The methods of Dark Knight director Chris Nolan

Yes, Hunger Games and Avengers are currently the most anticipated movies of the year, but the last installment of Dark Knight is absolutely going to be a big deal when it hits theaters on July 20.



The film is wrapped up and ready to go, now all we have to do is wait, and hope the Chris Nolan directed Batman trilogy rounds out well.

Director Nolan first broke into prominence with Memento, a film that had an innovative story structure.

Nolan’s first foray into working for the majors, Insomnia, was also a good thriller, and he thankfully resurrected the Batman series, bringing it to an unprecedented height with The Dark Knight.

 

What’s also remarkable about Nolan’s style is how much he eschews CGI, not to mention he’s not abandoning film, and wouldn’t do Batman in 3D either. It’s certainly refreshing to see a director stick to his guns and keep his shooting style old school. 

As he told DGA Magazine, “I feel a responsibility to the audience to be  shooting with the absolute highest quality technology that I can and make the film in a way that I want.”

 

Nolan also shoots with one camera, and only storyboards tricky action scenes, saying he keeps track of everything “in my head. I’ve always been able to visualize what I want mentally, and I can lie there at night and cut the film in my head.”

 

Nolan adds that Warner Brothers “would have been very happy” if The Dark Knight Rises would be in 3D, “but I said to the guys there that I wanted it to be stylistically consistent with the first two films. I find stereoscopic imaging too small scale and intimate in its effect. If you’re looking for an audience experience, stereoscopic is hard to embrace.”

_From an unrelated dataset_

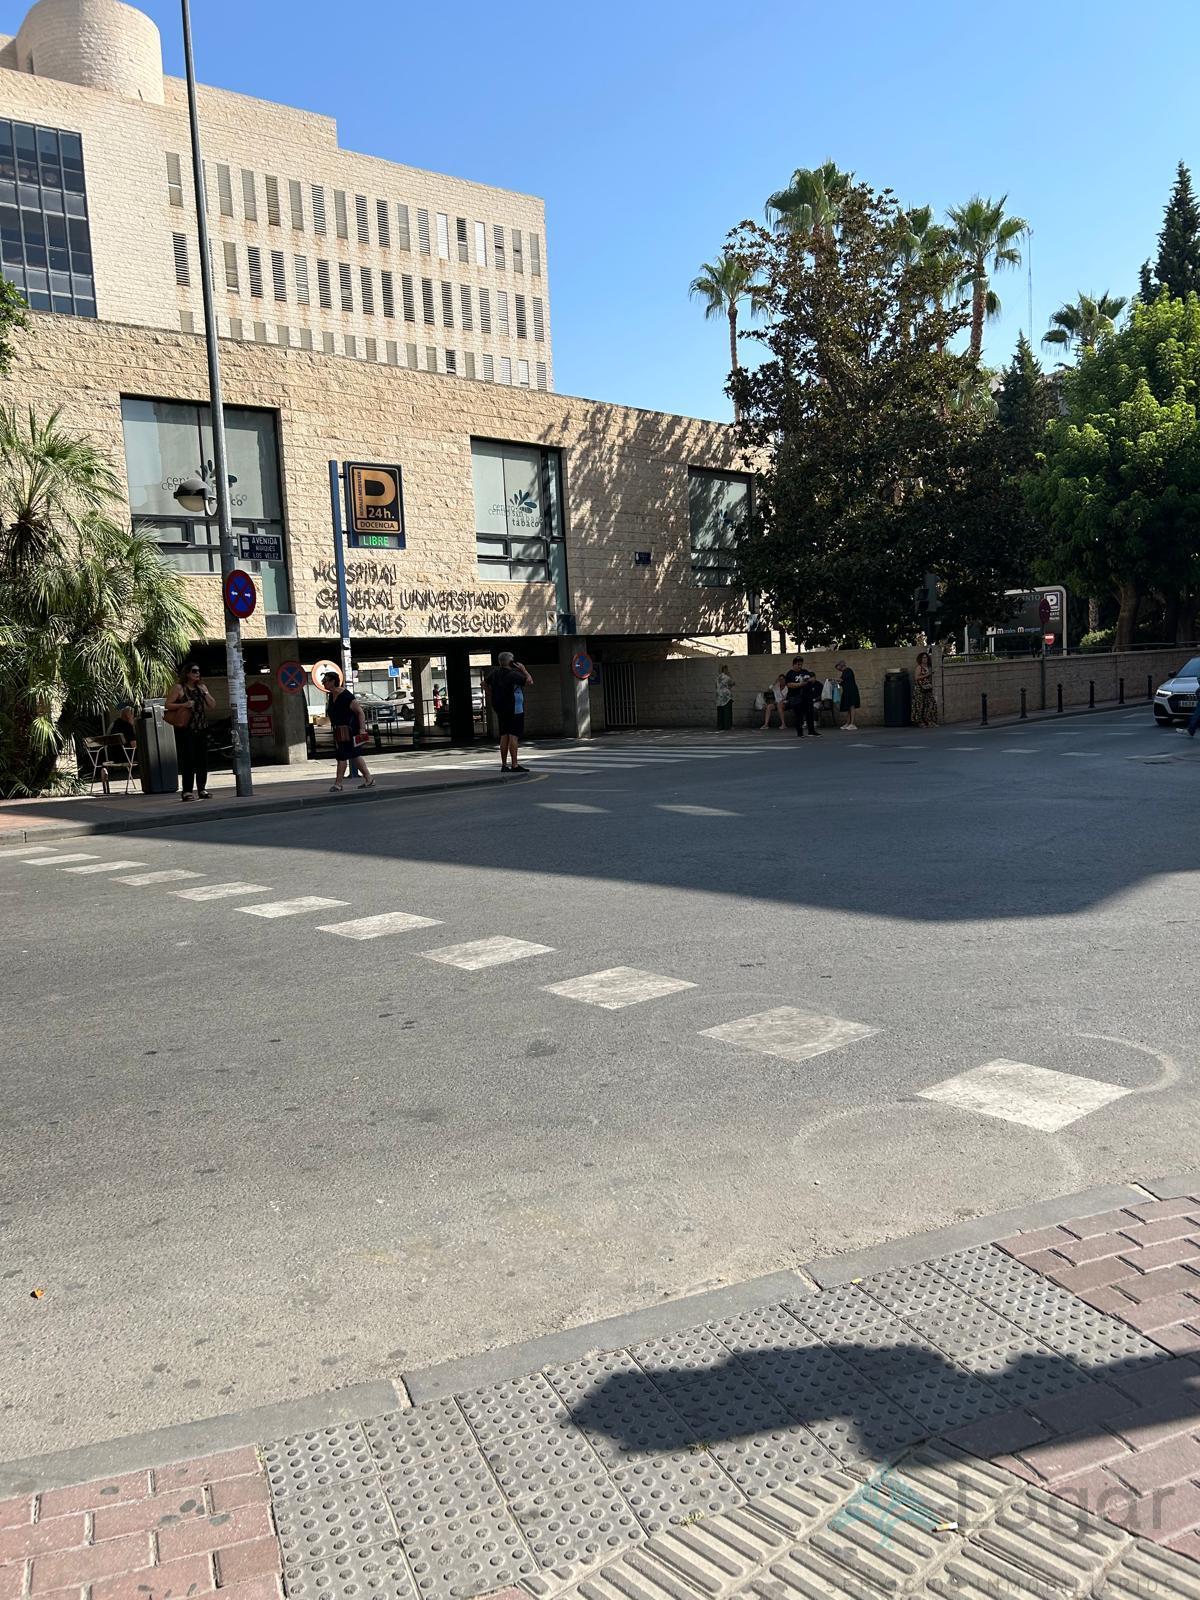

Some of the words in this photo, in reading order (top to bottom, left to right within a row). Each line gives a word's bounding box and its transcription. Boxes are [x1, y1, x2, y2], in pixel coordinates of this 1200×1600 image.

Interestingly enough, Nolan also said, “The way I shoot film is actually very conducive to converting to shooting 3D because I’m always thinking of the camera as a participant.”

 

One shot that many cinema fans loved in The Dark Knight was watching the truck getting flipped over, because it was a real truck, and the effect was done without CGI. 

Nolan told writer Jeffrey Ressner that CGI can be “an incredibly powerful tool for making better visual effects. But I believe in an absolute difference between animation and photography. However sophisticated your computer-generated imagery is, if it’s been created from no physical elements and you haven’t shot anything, it’s going to feel like animation.”

 

Certainly a refreshing change of pace for someone directing blockbusters, which is why you’re supposed to bring in a director like Nolan in the first place, to give Batman a different perspective. And true film fans like myself absolutely love him for it.